The American Astronomical Society’s 227th (and My First) Winter Meeting


In my opinion, winter break is always too long to not go home and too short to feel like you’ve been home. I spend about 30 hours in travel, i.e. when I’m not at home—home or Florida Tech-home—each way. Understandably so, my friends could not fathom why I was leaving a week early. And I explained why. In the week of January 4-8, 2016, the American Astronomical Society was having their winter meeting at Kissimmee, which is an hour’s drive from Florida Tech and I was going to be a volunteer! What made it even more exciting was that a few of my friends were presenting the research they have done either in a talk or a poster. This explanation almost always got understanding nods and excited exclamations from my friends who know fully well my passion for astrophysics. On a side note, there was so much exciting science that  I didn’t even try to compress it all in here; searching #aas227 will turn up photos, news, tweets and more about the meeting.


Sayali Avachat, KunYang Li, Dr Eric Perlman and Devon Clautice with their posters. Credits: KunYang Li

I walked to the orientation room eager and nervous at the same time, but my anxiety faded away as I met a bunch of undergrads who were also volunteering. We got to work. I was unpacking schedules from boxes and stacking them up near the check-in desks for the volunteers to hand out as members checked in. I have to say, this made me grasp the huge number of attendees. We were unpacking box after box, and there was a huge pile of them that we had not even touched yet. Just as I began mentally calculating how many schedules might be in that huge stack, Lynn, who was overseeing our work, smiled at me and pulled up a tablecloth to reveal more boxes underneath.


Mackenzie Kane during the exoplanet session. Credits: Mackenzie Kane

As if that wasn’t enough for me, a lot of people scientists, mostly astrophysicists, would soon be arriving. I was stationed to be the person who directs them to a “badge pick-up” desk that was available. Simple, right? It was, except for the fact that there was one to my left and six to my right.

I had a lot of interesting and funny ten-second conversations during that shift:

“This is like being at an airport for you, isn’t it?” “But without the planes…” I wanted to add, but had to say, “The very last desk sir, have a great week!”

“Did you know they have crocodiles in the hotel?” I did not.

“You must feel powerful.” I had never thought of it that way.
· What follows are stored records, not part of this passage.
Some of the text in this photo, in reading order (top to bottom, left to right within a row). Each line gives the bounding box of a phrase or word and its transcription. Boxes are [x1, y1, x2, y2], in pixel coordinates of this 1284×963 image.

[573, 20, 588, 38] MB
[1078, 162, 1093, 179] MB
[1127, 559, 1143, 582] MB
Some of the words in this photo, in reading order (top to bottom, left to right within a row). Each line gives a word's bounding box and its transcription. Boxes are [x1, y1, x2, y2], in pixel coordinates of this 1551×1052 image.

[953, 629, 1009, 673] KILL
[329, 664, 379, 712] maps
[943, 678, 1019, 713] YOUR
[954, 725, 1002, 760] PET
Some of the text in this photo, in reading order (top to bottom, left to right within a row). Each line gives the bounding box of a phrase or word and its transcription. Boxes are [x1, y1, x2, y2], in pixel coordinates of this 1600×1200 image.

Two astrophysicists were discussing something very enthusiastically and the only thing even vaguely familiar was Bayesian parameters.”I’m so sorry to interrupt you but desk 4 just freed up and you may head over there to pick up your badge and schedule.” I suppose I still had guilt written all over my face for having abruptly ended their conversation, for the other person reassured me, ” That’s alright, we just bumped into each other and started talking.”
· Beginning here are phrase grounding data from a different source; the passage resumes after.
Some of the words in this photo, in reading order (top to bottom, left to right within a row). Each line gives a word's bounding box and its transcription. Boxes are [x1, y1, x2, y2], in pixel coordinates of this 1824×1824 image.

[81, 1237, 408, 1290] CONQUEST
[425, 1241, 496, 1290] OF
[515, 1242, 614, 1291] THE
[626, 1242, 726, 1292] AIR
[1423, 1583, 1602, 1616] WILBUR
I saved my favorite one for last. “How do you pronounce your name?” I was pleasantly surprised, and it just made my day!

It was an incredibly amazing experience to say “Hi” to hundreds of astrophysicists. There were about 2,000 attendees. I experienced a “science-high” when, at a random moment, I realized that there were 2,000 people in the building who were also intrigued by stars and planets and galaxies and everything that makes up the universe. And they were all such nice sweet people, too.
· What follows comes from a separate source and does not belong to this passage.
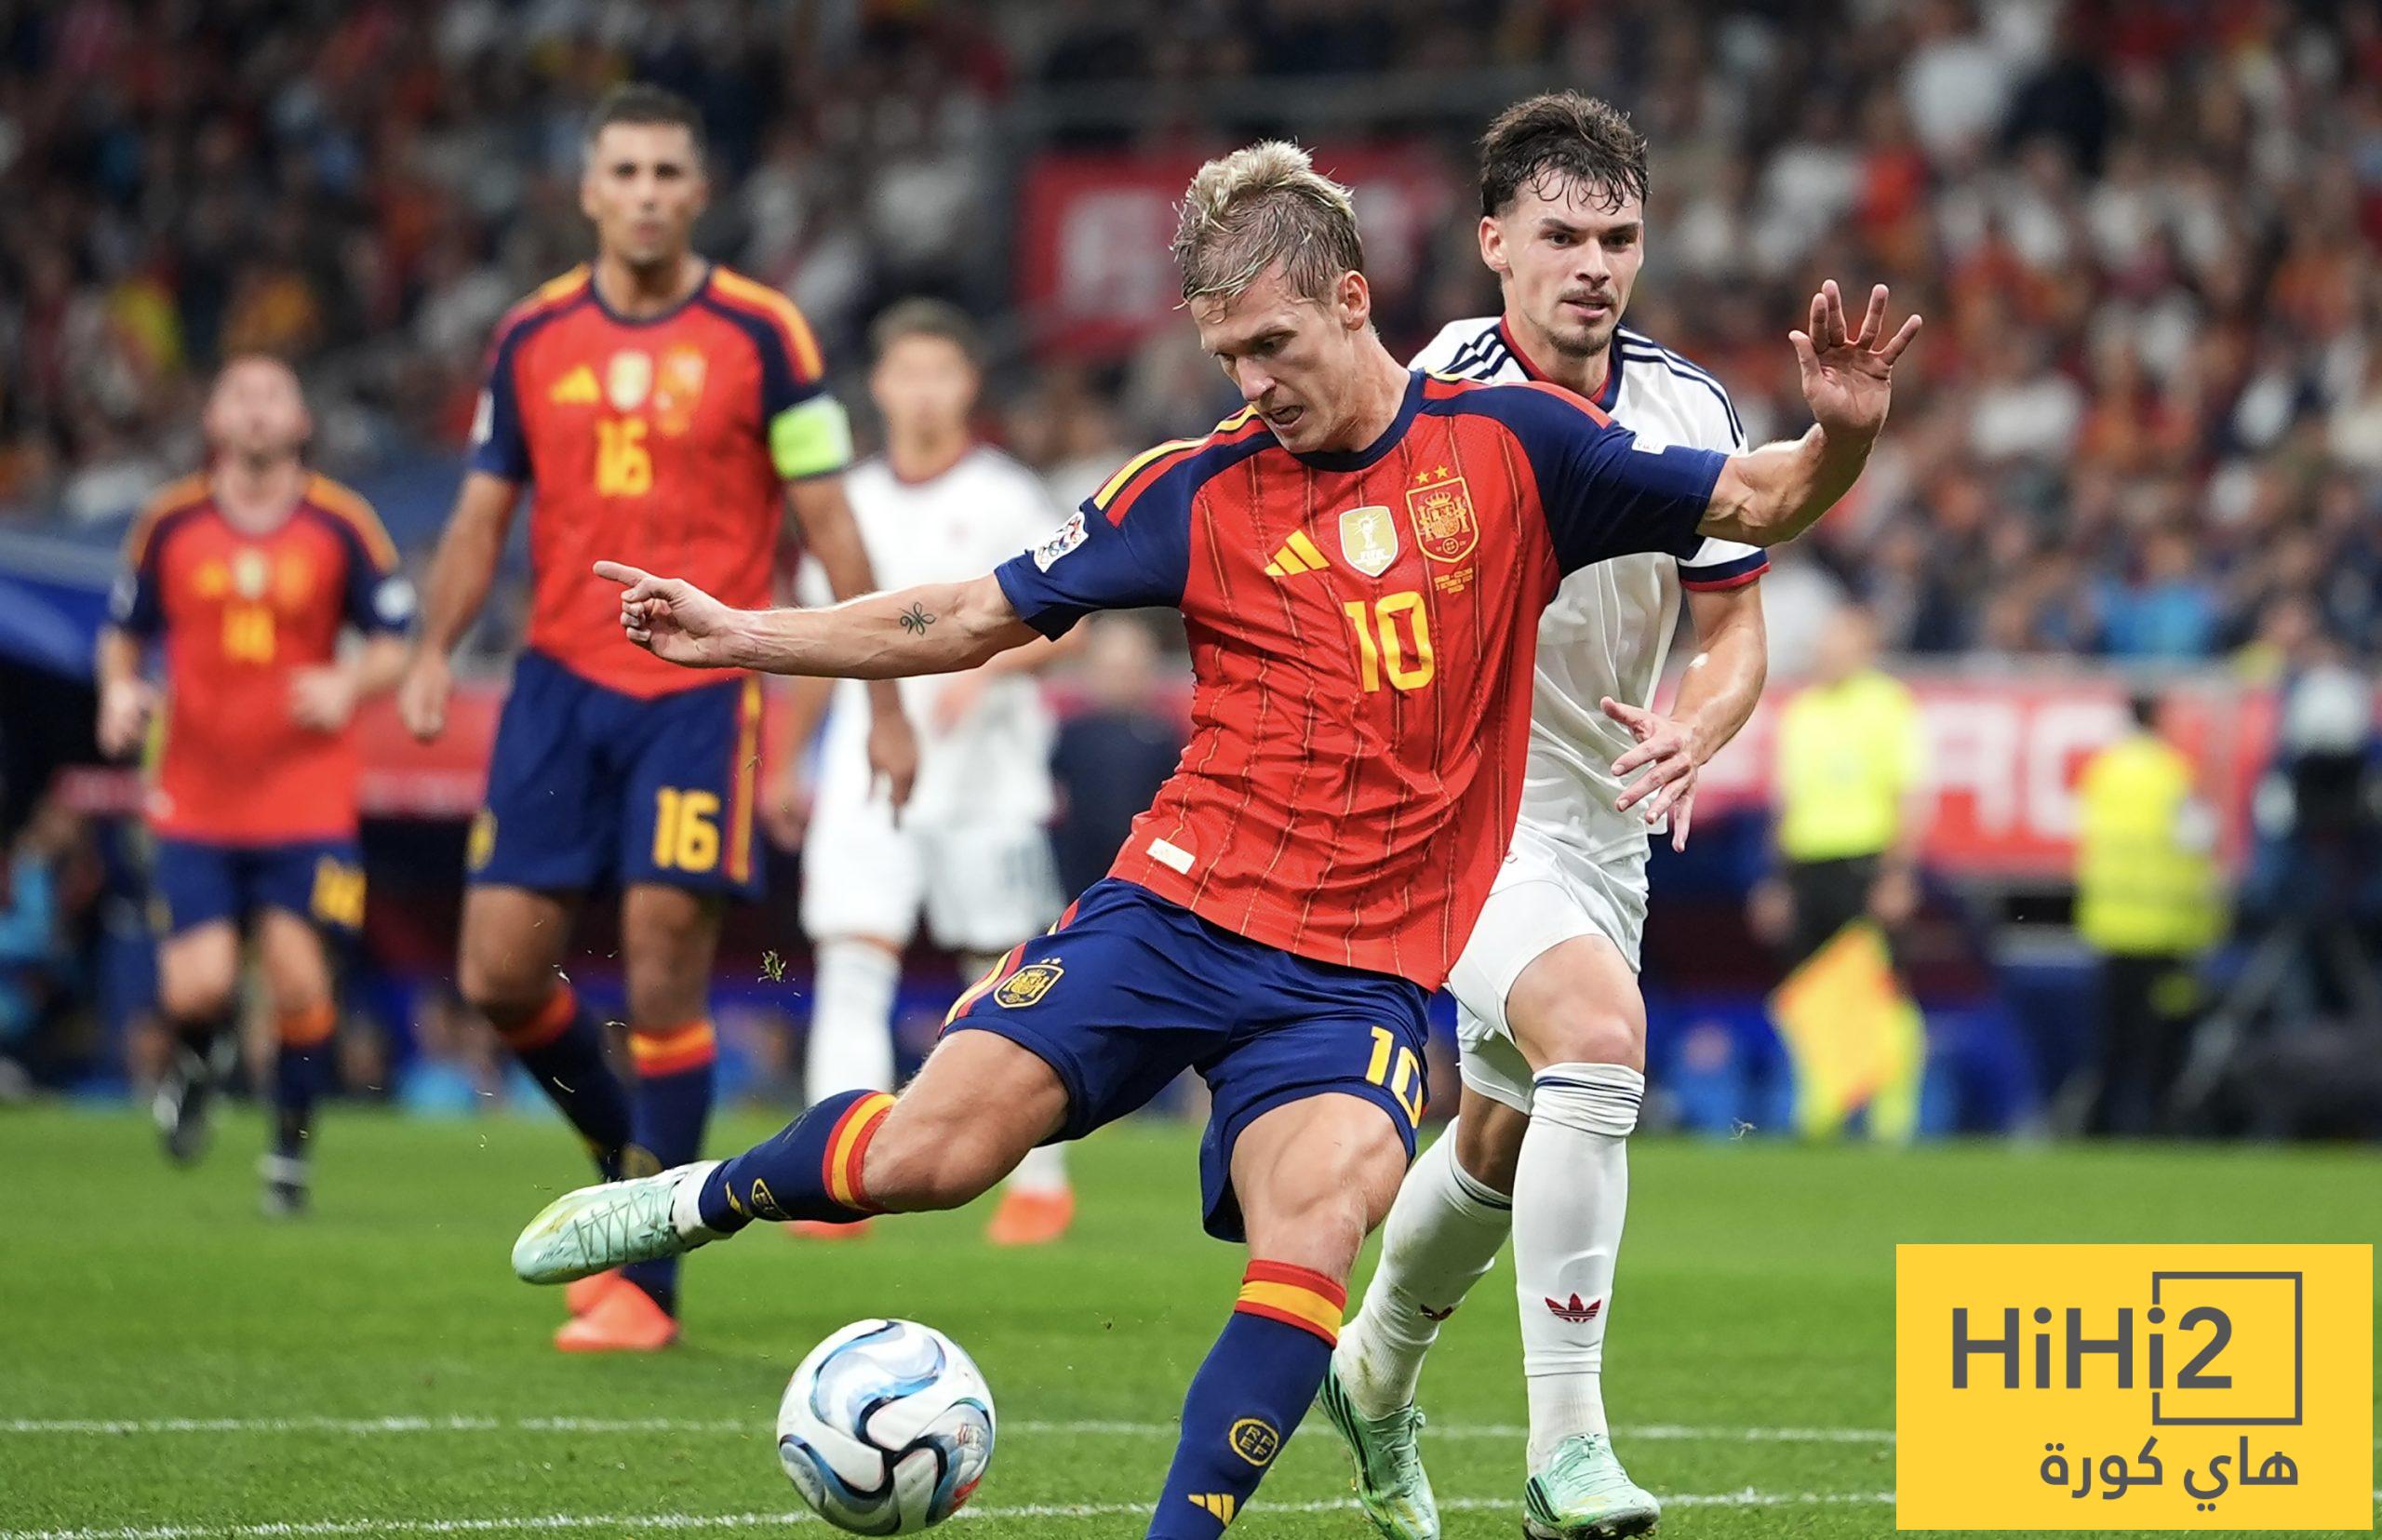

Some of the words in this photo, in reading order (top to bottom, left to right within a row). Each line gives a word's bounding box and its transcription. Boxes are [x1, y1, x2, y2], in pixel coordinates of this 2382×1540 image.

[596, 417, 651, 496] 16
[1344, 591, 1435, 692] 10
[654, 785, 721, 871] 16
[1365, 1025, 1424, 1130] 10
The Undergraduate Reception was my favorite part. It reminded me of all the college fairs I had attended, only much more academic. For example, instead of campus organizations, we talked about working as teaching assistants. Everyone had a lot of advice to give me with regard to graduate school and I learned so much. I also met many fellow undergraduates and we bonded over working on exoplanets! “I wish I were you” a scientist who works at the Harvard Center for Astrophysics said to me when I told him that this was my first big conference or meeting. They did not have things like these when he was my age, he told me. I also met a representative of astrobites and we had a great talk about science writing.


Cardboard ping pong table

The next day, I was volunteering in three different places and I got to run around the entire place, look at posters, talk to people about careers at places that have awesome acronyms as names and just help people. The career center was a shift I picked on purpose just so I would get a “feel” of what I am going to be doing in the next few years.

They even had a cardboard ping pong table, with cardboard paddles and a felt ball.  It folds up into a compact briefcase size and can be reused, isn’t that neat? People had fun playing with it.

I had a nice chat with Diane Frendak who works at AAS, and in the middle of telling her about supermassive galaxies I corrected myself when I said million instead of billion  “Oh, I’m sorry, I was off by three orders of magnitude.”

“That’s how I know you’re an astrophysicist,” Frendak said. “They always talk in orders of magnitude.”

I looked around the room and saw posters, telescopes, giant pictures of galaxies and brilliant and friendly people. And I realized I’m heading right where I want to.